At 52 years old, Google CFO Patrick Pichette recently announced that he is retiring to spend more time with his family. Many found this surprising; The New York Times’ headline encapsulated this sentiment by parenthetically noting, “(no, really).”

Now, consider for a moment that Patrick was instead a woman. Gone is the shock of her stepping down to be with her family, since most would expect that she would eventually change her mind and return to work.

Work-life balance is an issue that both men and women face, yet it is more commonly associated with females and so rarely with males.
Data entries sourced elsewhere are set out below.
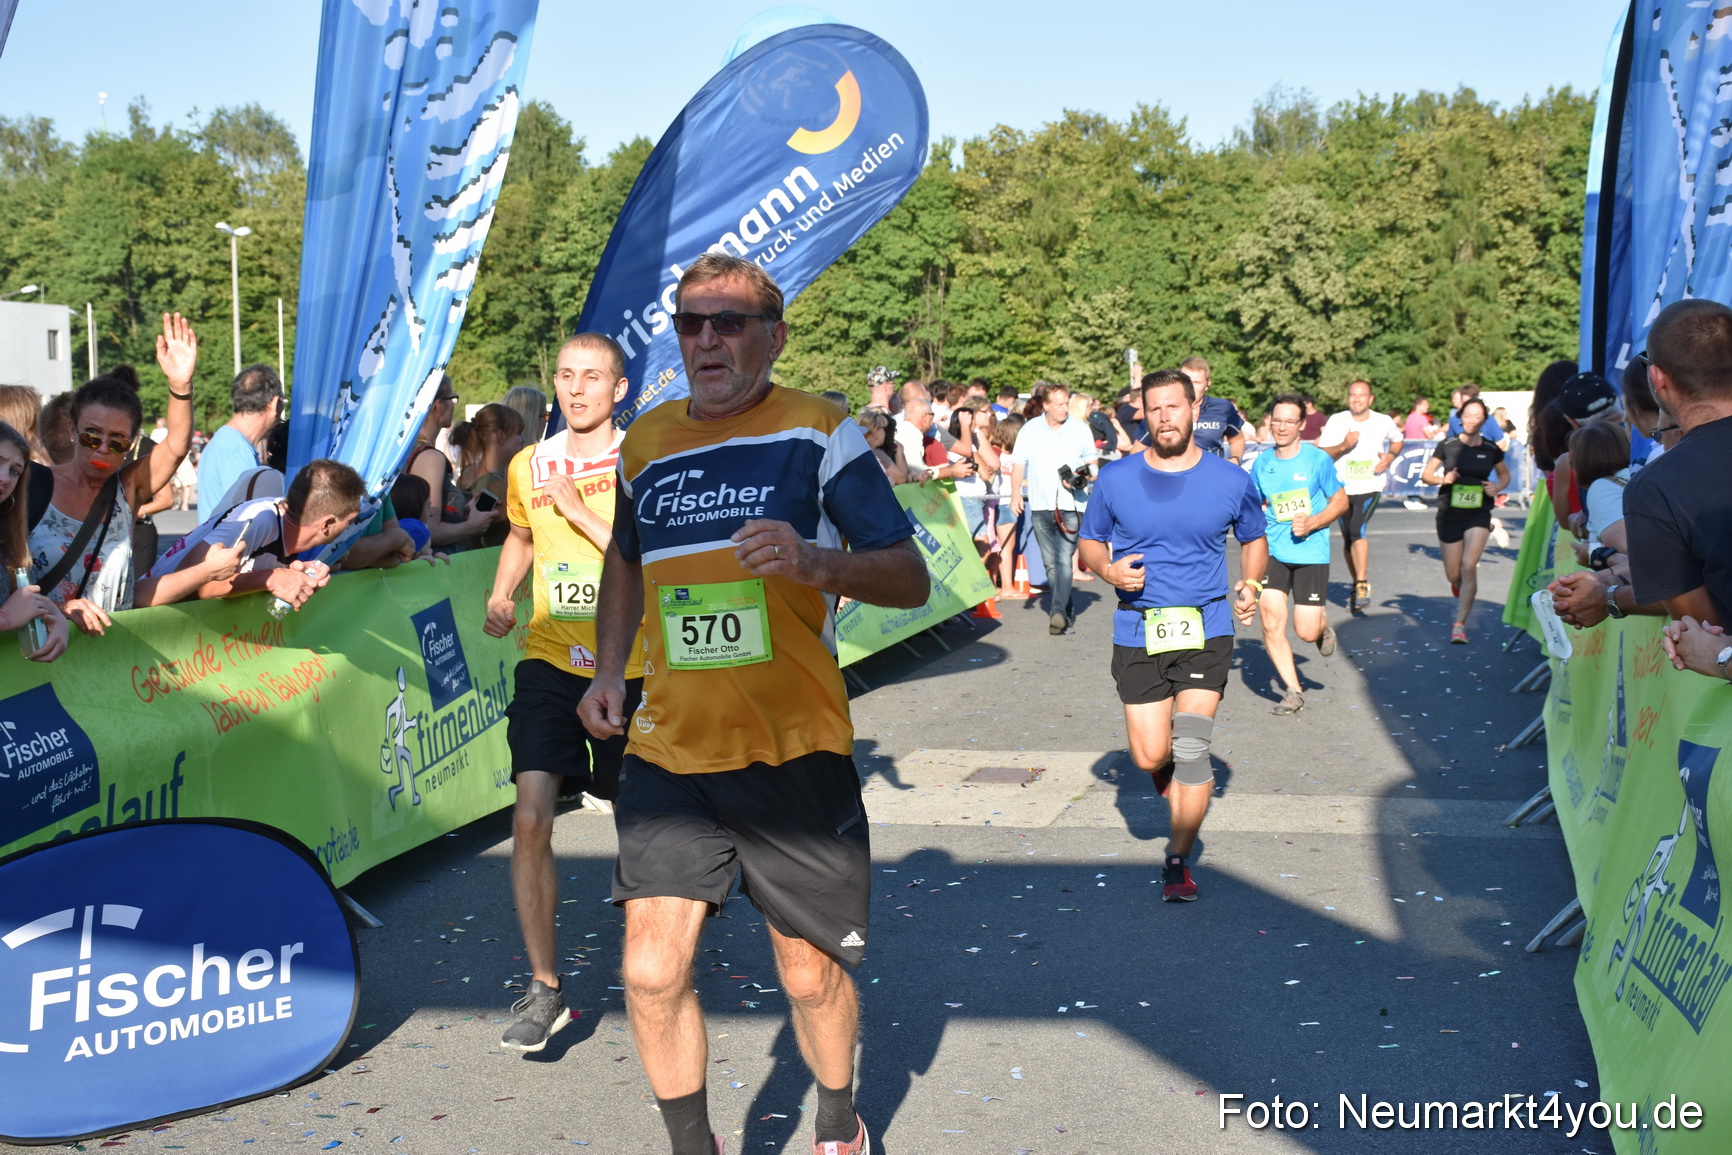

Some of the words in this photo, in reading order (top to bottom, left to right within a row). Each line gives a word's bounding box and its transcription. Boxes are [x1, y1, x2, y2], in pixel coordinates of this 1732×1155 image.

[753, 229, 797, 268] ruck
[795, 191, 834, 232] und
[832, 132, 905, 198] Medien
[605, 166, 820, 360] riscmann
[612, 367, 677, 428] nn-net.de
[1197, 421, 1220, 430] POLES
[655, 483, 775, 516] Fischer
[666, 506, 765, 527] AUTOMOBILE
[1277, 499, 1306, 514] 2134
[428, 632, 455, 659] Fischer
[682, 613, 742, 646] 570
[688, 647, 719, 655] Fischer
[720, 645, 740, 653] Otto
[1156, 620, 1191, 639] 672
[131, 632, 223, 703] Gesunde
[220, 621, 287, 667] Firmen
[200, 683, 277, 736] laufen
[257, 647, 337, 703] länger!
[417, 660, 509, 770] firmenlauf
[2, 727, 70, 769] Fischer
[17, 747, 75, 781] AUTOMOBILE
[48, 778, 63, 793] das
[425, 748, 470, 795] neumarkt
[29, 942, 305, 1032] Fischer
[1624, 981, 1664, 1033] neumarkt
[63, 995, 294, 1064] AUTOMOBILE
Why is this?

Despite the progress women have made in the U.S. Workforce over the past decades, a recent study I conducted with colleagues Emily Amanatullah and Taeya Howell, finds that many men and women still believe in traditional gender roles and prefer the husband to be the primary breadwinner and the wife the primary family caretaker.

We examined the extent to which people have internalized the progress of women in the workforce, looking beyond shifting social level metrics, such as the fact there are more women than ever in the workforce today, to determine if individuals have embraced the gender changes in society and how their attitudes influence their own preferences and behaviors.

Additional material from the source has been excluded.